Friday, April 26, 2013

"This episode of Downton Abbey was 37 hours long."


Book: Something Dangerous
Author: Penny Vincenzi
Published: 2001 (Overlook)
Pages: 710

This is Downton Abbey in book form, minus the vast majority of the servants’ part and set a World War later in a family that still has ties to what made it rich (publishing). It starts out you know it’s like a soap opera but with way better production values and characters that are archetypes rather than flat-out stereotypes and that tells us a little at least about the general human condition, right? Sure. Plus she’s totally sleeping with the dude who’s terrible for her! 

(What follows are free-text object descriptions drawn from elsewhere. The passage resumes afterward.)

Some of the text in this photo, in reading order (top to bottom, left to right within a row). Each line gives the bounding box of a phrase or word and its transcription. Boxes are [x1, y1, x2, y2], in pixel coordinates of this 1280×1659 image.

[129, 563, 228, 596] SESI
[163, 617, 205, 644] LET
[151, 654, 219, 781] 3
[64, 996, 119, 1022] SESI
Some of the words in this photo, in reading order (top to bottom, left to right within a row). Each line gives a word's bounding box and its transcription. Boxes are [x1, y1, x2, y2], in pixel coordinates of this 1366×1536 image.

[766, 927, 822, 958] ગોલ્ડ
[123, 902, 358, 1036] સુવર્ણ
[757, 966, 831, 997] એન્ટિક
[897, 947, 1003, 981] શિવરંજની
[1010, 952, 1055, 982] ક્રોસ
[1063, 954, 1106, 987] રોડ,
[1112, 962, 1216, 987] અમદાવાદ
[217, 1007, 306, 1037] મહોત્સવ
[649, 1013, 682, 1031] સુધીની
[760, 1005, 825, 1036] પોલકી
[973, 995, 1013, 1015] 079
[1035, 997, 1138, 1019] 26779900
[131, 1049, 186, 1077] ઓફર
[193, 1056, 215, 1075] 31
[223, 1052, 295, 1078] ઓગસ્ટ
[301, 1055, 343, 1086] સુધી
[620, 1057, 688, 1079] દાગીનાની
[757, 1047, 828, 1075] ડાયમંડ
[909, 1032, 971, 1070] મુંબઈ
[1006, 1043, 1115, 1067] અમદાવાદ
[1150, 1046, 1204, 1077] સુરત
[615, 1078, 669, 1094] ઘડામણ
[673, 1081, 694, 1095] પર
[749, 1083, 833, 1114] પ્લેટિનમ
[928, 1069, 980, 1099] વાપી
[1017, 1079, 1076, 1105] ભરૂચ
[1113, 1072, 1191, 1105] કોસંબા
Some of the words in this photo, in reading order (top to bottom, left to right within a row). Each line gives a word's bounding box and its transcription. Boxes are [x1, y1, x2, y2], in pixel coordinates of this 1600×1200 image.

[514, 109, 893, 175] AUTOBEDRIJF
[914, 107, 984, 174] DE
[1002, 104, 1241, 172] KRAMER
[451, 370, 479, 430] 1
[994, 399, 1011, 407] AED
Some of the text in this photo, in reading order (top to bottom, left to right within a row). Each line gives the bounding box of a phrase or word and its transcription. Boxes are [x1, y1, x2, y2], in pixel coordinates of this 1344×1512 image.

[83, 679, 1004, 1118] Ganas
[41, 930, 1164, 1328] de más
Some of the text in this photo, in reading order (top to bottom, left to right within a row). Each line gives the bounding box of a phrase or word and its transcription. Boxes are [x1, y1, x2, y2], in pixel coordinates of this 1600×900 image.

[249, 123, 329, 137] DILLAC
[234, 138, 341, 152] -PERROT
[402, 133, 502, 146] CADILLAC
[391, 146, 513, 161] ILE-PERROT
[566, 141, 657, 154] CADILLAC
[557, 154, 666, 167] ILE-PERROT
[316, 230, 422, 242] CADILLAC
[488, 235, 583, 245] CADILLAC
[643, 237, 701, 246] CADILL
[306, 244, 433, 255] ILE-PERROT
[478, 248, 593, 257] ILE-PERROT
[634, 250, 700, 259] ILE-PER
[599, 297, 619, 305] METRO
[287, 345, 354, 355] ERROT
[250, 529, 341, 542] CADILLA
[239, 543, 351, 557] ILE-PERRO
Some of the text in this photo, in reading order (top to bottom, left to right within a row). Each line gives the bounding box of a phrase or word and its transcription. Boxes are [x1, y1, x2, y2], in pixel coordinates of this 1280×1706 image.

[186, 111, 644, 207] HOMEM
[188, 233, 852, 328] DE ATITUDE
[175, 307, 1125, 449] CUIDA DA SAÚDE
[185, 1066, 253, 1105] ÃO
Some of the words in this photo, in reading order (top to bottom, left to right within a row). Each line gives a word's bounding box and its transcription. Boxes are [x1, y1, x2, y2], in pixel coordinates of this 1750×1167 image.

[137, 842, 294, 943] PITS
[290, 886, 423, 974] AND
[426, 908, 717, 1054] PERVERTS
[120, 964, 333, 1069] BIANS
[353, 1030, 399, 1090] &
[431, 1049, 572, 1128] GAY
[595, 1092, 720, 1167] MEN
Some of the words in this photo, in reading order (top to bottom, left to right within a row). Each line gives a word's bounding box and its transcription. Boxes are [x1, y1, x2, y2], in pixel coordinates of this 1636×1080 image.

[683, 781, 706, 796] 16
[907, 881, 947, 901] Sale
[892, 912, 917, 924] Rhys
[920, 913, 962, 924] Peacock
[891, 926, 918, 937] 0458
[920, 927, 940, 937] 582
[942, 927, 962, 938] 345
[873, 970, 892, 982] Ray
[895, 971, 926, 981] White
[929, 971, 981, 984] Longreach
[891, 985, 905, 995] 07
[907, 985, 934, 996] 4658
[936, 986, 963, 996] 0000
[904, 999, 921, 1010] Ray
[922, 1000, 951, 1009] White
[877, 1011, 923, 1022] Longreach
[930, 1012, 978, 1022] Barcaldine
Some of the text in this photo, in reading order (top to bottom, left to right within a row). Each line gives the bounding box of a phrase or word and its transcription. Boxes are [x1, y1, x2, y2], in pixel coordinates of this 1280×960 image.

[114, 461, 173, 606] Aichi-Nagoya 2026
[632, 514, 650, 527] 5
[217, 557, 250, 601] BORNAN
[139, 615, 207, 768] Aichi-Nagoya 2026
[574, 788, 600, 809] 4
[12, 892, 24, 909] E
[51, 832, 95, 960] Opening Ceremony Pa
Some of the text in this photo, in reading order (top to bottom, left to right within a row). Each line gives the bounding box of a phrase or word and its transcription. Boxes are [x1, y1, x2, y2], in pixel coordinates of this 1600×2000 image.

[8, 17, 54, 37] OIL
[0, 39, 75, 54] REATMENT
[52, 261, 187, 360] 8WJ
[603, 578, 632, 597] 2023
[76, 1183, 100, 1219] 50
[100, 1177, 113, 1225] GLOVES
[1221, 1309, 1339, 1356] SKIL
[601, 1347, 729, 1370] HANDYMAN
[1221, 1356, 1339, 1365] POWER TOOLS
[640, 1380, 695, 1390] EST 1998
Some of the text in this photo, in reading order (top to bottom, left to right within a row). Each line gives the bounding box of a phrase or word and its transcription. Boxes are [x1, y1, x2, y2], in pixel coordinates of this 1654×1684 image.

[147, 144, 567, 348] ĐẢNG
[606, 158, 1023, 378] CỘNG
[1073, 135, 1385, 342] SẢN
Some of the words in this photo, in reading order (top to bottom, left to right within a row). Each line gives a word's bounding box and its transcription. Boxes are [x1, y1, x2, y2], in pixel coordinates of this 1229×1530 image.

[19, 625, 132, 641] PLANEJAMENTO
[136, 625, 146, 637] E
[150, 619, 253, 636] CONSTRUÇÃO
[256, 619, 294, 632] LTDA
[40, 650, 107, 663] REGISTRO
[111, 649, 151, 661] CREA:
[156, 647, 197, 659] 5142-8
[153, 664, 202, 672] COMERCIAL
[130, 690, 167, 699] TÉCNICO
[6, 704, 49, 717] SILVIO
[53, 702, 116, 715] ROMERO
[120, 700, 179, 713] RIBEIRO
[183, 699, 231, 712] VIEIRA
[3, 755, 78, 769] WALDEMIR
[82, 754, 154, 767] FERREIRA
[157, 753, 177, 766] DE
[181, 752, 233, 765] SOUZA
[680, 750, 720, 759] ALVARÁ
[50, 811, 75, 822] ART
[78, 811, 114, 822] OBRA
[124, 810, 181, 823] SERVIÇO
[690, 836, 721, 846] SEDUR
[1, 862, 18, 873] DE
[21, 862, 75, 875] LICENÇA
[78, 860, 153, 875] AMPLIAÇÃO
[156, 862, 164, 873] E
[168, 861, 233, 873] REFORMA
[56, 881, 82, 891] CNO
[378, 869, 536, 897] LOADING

But that’s not an endorsement. It’s a warning about how utterly dull wartime declarations can get when everyone’s intentions are noble and all tension is eased within a couple pages of bringing it up in the first place. And all the ladies take back their men after declaring them scoundrels and getting pregnant like every other day seriously they even talk about birth control and how they should use it and apparently that doesn’t happen because every other major plot point is “[Female character. Any of them. Seriously.] is pregnant!” Because it’s ALWAYS A SURPRISE and there’s 700 PAGES of that.



Plus there’s a sheen of historical irony that just gets more and more annoying as the characters worry about and hope for events that everyone damn well knows the outcome to by now. And the matriarch, who in my head was totally Maggie Smith even though she was actually the mom in the book, starts out admiring Hitler and his revolution but you know what changes her mind? The same arguments against fascism that she’s been hearing since he started out. The arguments just suddenly work somehow around the time he breaks the glass of every Jewish shopkeeper he can find.

It’s that kind of weak convenience that drives all the character changes, and I just couldn’t like it nearly as much as I thought I was going to in the first hundred pages. Donate.